Nel 2009, Zillion Whales e i Creat Studios ebbero una interessante idea: proporre un videogioco di strategia in tempo reale che avesse per protagonisti dei funghi.
L’idea – a dir poco bislacca – ebbe invece un discreto successo, generando il videogioco esclusivo per Playstation 3 Mushroom Wars.
Dopo ben sette anni di attesa è giunto il tanto atteso sequel, intitolato semplicemente Mushroom Wars 2, disponibile anche per PC (su piattaforma Steam) e iOS,un prodotto che fa della semplicità la sua arma vincente.
Il nostro parere? Scopriamolo nella recensione…

Tutti possiamo essere strateghi

Mushroom Wars 2 si configura come uno strategico in tempo reale intuitivo e per nulla complesso, in grado di avvicinare, ad un genere spesso visto con un certo elitarismo, anche un totale neofita. Grazie ad una campagna in giocatore singolo composta da due capitoli e centinaia di missioni, la cui difficoltà aumenta lentamente con il loro proseguire, si è in grado di comprendere totalmente le funzionalità del titolo, comprese le più complesse.

L’obiettivo, ovviamente, è sconfiggere lo schieramento nemico, ma è possibile attuare differenti approcci per ottenere questo risultato: si può preferire far crescere il numero delle proprie truppe, migliorare le “case” in cui esse vivono, in modo che ne producano di più, e attuare così tattiche difensive che faranno crescere il loro morale. Oppure, potete costruire torri e fonderie, che vi permetteranno di migliorare la forza del vostro esercito e di incrementare le difese dei vostri accampamenti; tuttavia, torri e fonderie non fanno crescere il numero delle truppe, quindi crearne troppe vi sbilancerebbe offensivamente, mettendovi a rischio e facendo scendere il morale dei soldati.
Inoltre, certe aree miglioreranno la crescita delle truppe, altre la peggioreranno.

Che tipo di guerra, e contro chi?

Naturalmente, sono differenti le modalità previste dal gioco, in modo da variare gli obiettivi delle battaglie. Le missioni più semplici richiederanno la conquista di tutti gli edifici nemici o, in alternativa, quelli neutrali e quelli avversari; in altri casi, invece, si dovranno conquistare determinati obiettivi. Alle volte, nella campagna singola, saranno presentate delle boss fight contro particolari creature oppure scontri contro altri “Eroi”.

Mushroom Wars 2, infatti, permette di far guidare le proprie truppe ad un “Eroe” che modificherà l’aspetto delle vostre costruzioni e vi donerà delle abilità da spendere durante il conflitto per migliorare la vostra situazione.
In alternativa, se l’idea di combattere contro il computer non vi esalta, c’è sempre la possibilità di affrontare persone reali grazie alle modalità multigiocatore.
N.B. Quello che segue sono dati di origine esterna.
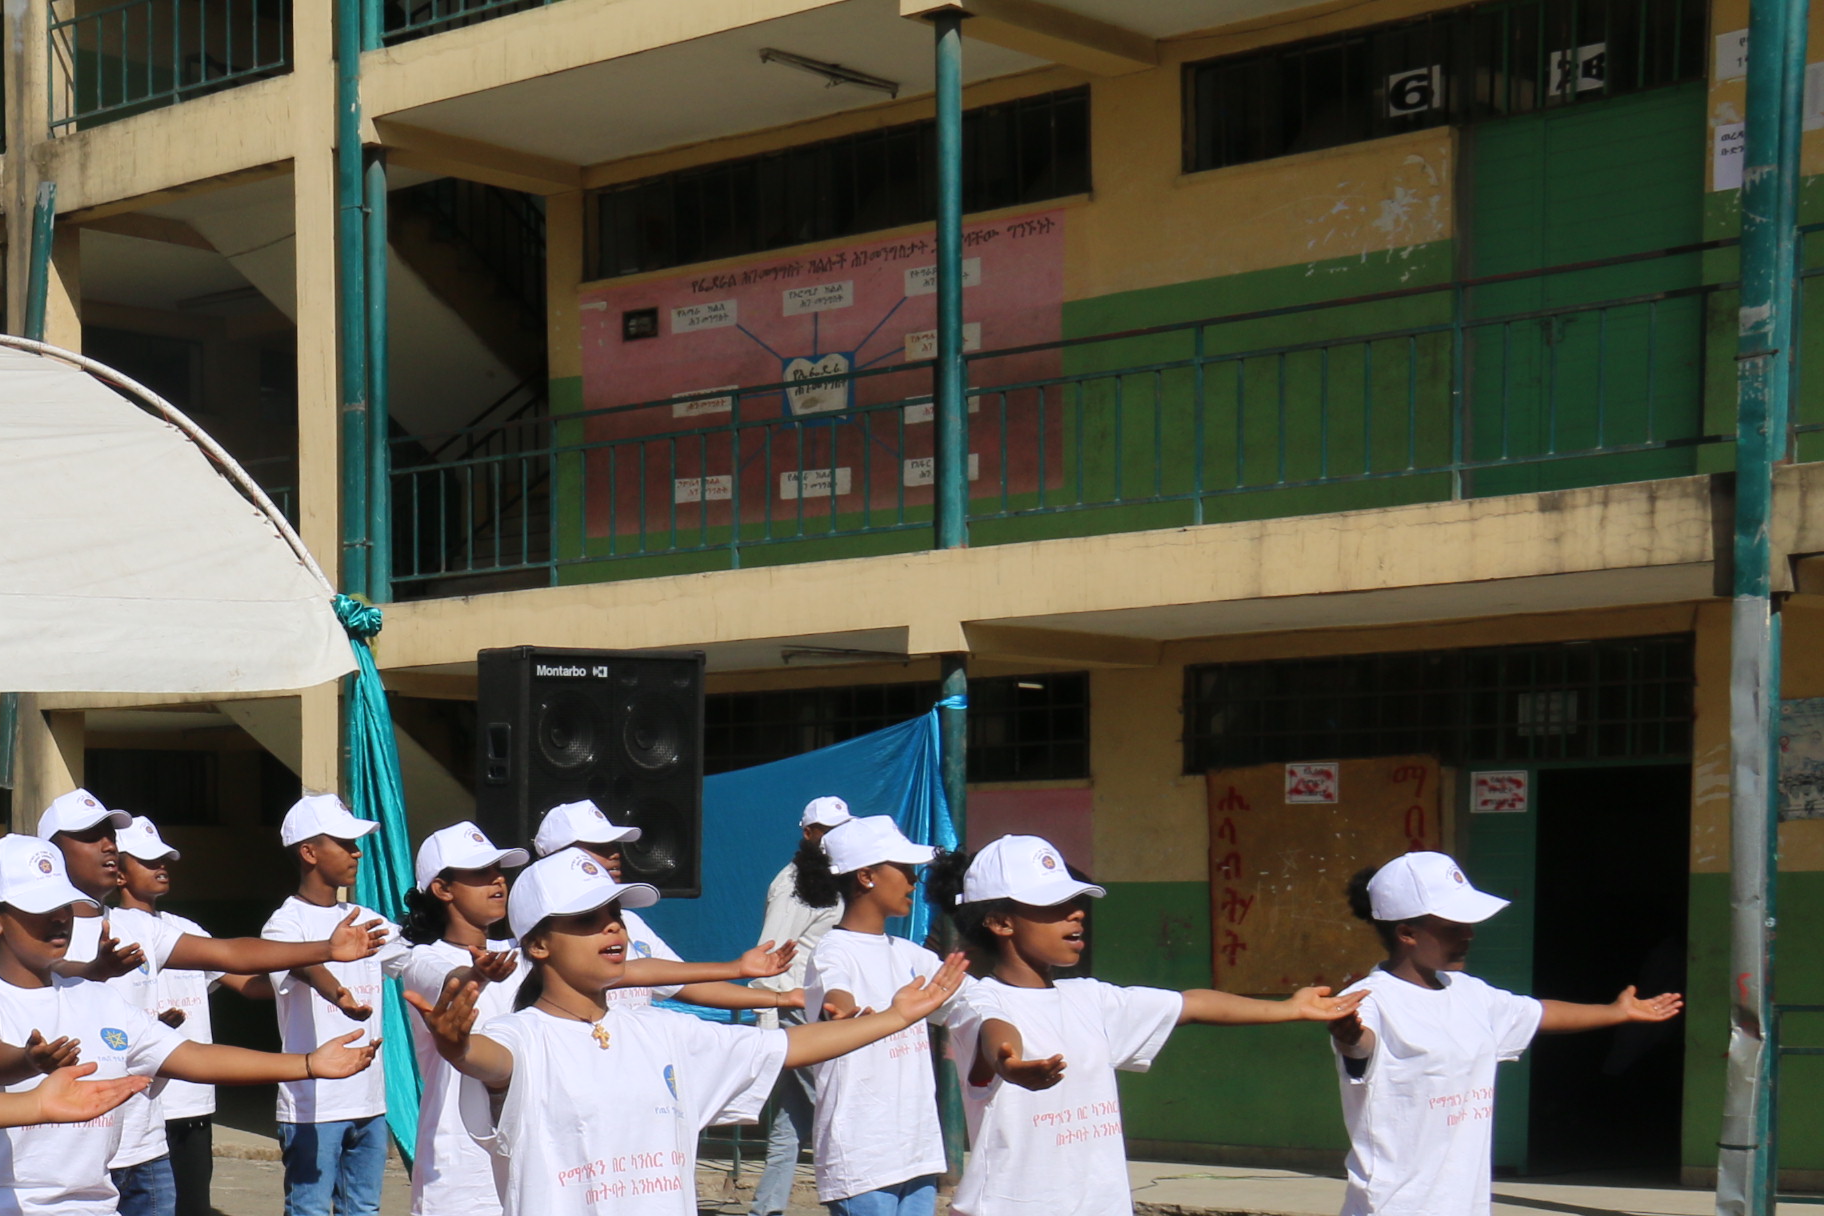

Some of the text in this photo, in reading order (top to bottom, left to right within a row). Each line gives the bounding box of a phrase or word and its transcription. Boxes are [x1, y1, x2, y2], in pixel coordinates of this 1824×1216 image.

[1389, 73, 1433, 111] 6
[536, 664, 587, 679] Montarbo
[612, 1157, 627, 1173] በር
[585, 1179, 627, 1205] በክትባት
L’online, però, non si limita al semplice 1vs1: sarà infatti possibile competere in battaglie cooperative, da tre o quattro giocatori, anche se, sia in singolo che in multigiocatore, la presenza di alleati sarà spesso più un fastidio che un aiuto.

Semplicità e tanti, tanti colori

La semplicità si nota anche nelle caratteristiche estetiche del titolo, a partire da un menù iniziale molto spoglio, limitato all’essenziale. Le mappe, per quanto tra loro diverse e variegate, presentano comunque un aspetto tutt’altro che ricercato, preferendo un tono fiabesco, che predilige foreste, paludi e colori accesi, esaltando un’estetica cartoonesca. Anche l’aspetto di costruzioni e truppe, in fondo, non è nulla che non sia già stato visto. Sono inoltre presenti diversi rimandi ad altri titoli fantasy e ai MOBA come League of Legends, dando quel tocco citazionistico in più che riesce a strappare qualche sorriso.
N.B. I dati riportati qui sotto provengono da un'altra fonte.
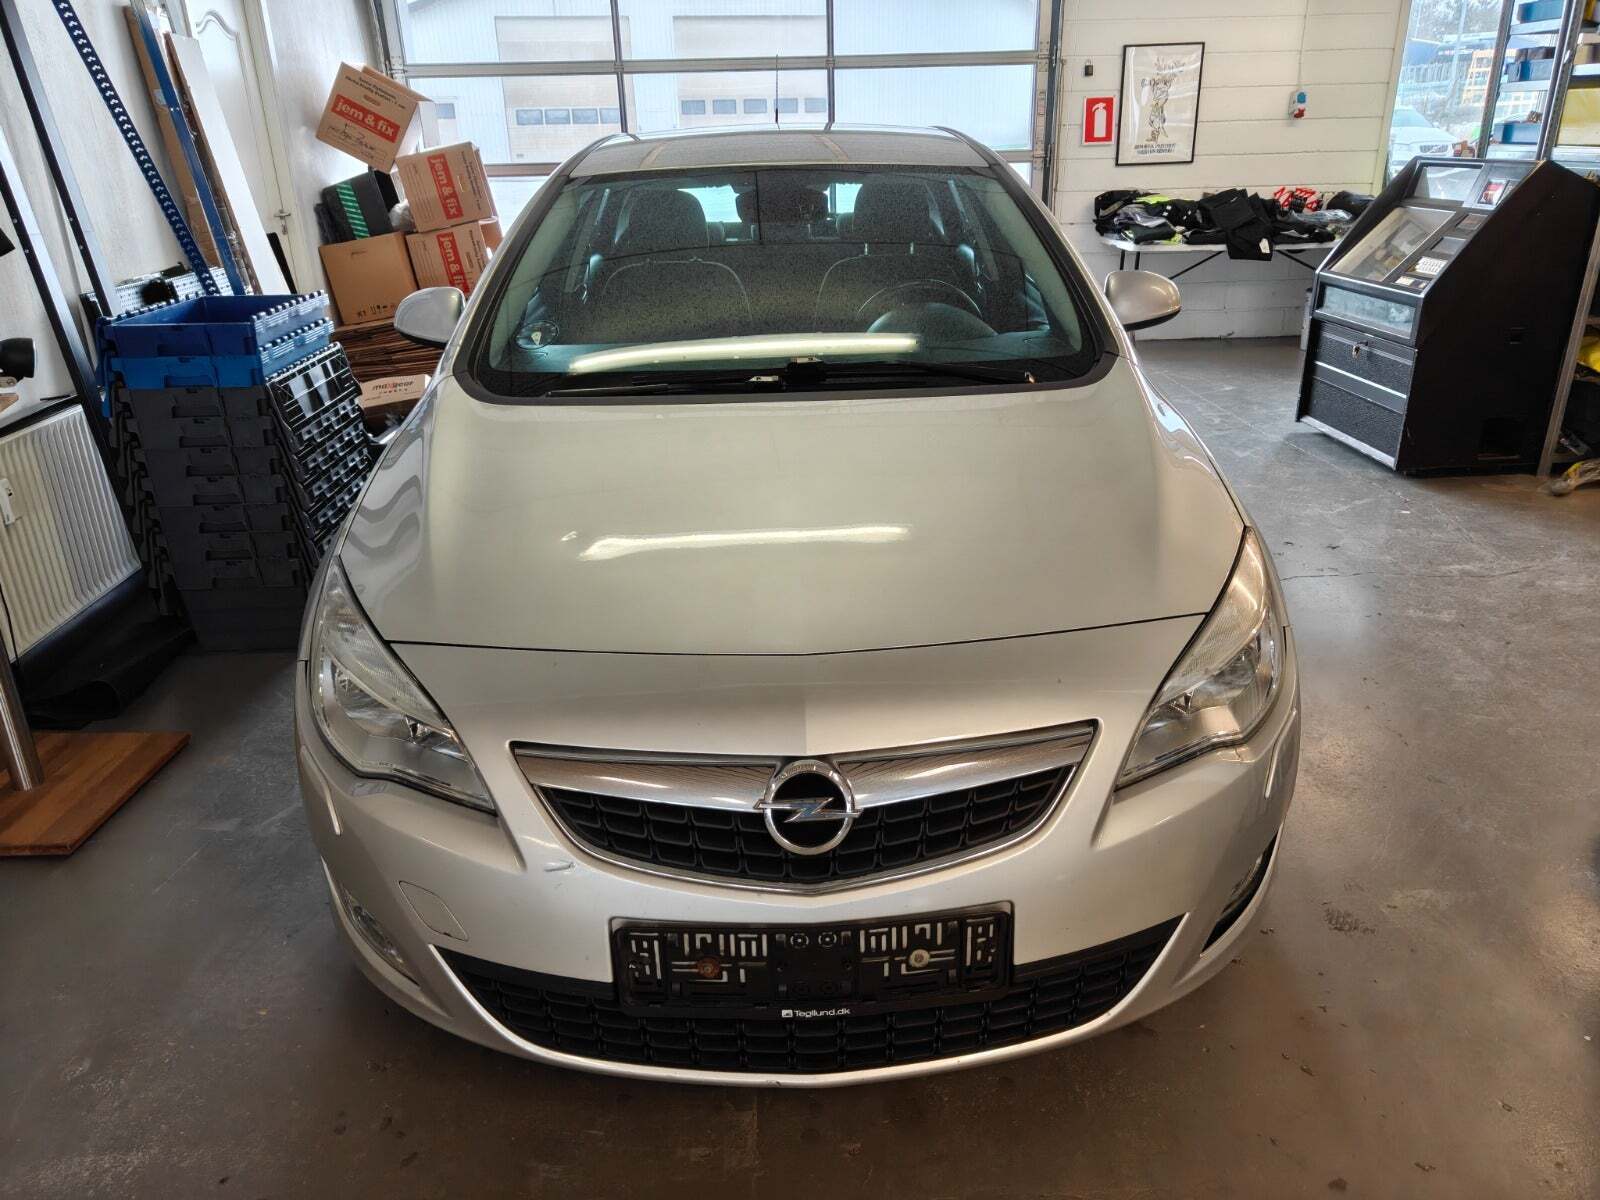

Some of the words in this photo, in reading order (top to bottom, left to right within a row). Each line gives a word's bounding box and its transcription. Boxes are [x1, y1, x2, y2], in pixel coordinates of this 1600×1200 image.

[336, 99, 364, 119] jem
[365, 114, 375, 126] &
[377, 120, 394, 137] fix
[430, 157, 447, 184] jem
[442, 186, 454, 196] &
[445, 198, 459, 216] fix
[440, 236, 455, 262] jem
[450, 264, 459, 273] &
La colonna sonora è invece uno degli aspetti meno positivi del gioco: sebbene agli inizi sia utile per calarsi nell’atmosfera, col proseguire delle ore di gioco inizia a diventare monotona e tediosa, al punto tale che potrebbe non essere una cattiva idea abbassare totalmente il suo volume.

Concludendo…

In definitiva, Mushroom Wars 2 non è un gioco innovativo, che ottiene le proverbiali copertine delle riviste per aver monopolizzato l’attenzione del mondo videoludico; tuttavia, è sicuramente ben riuscito, adatto sia ai veterani degli strategici in tempo reale (grazie anche alla difficoltà selezionabile per quasi ogni mappa), sia ai novizi, che potranno imparare le basi del genere con tranquillità. La varietà delle mappe, degli “Eroi” e la estensiva campagna in single player assicurano almeno una quindicina di ore di gioco.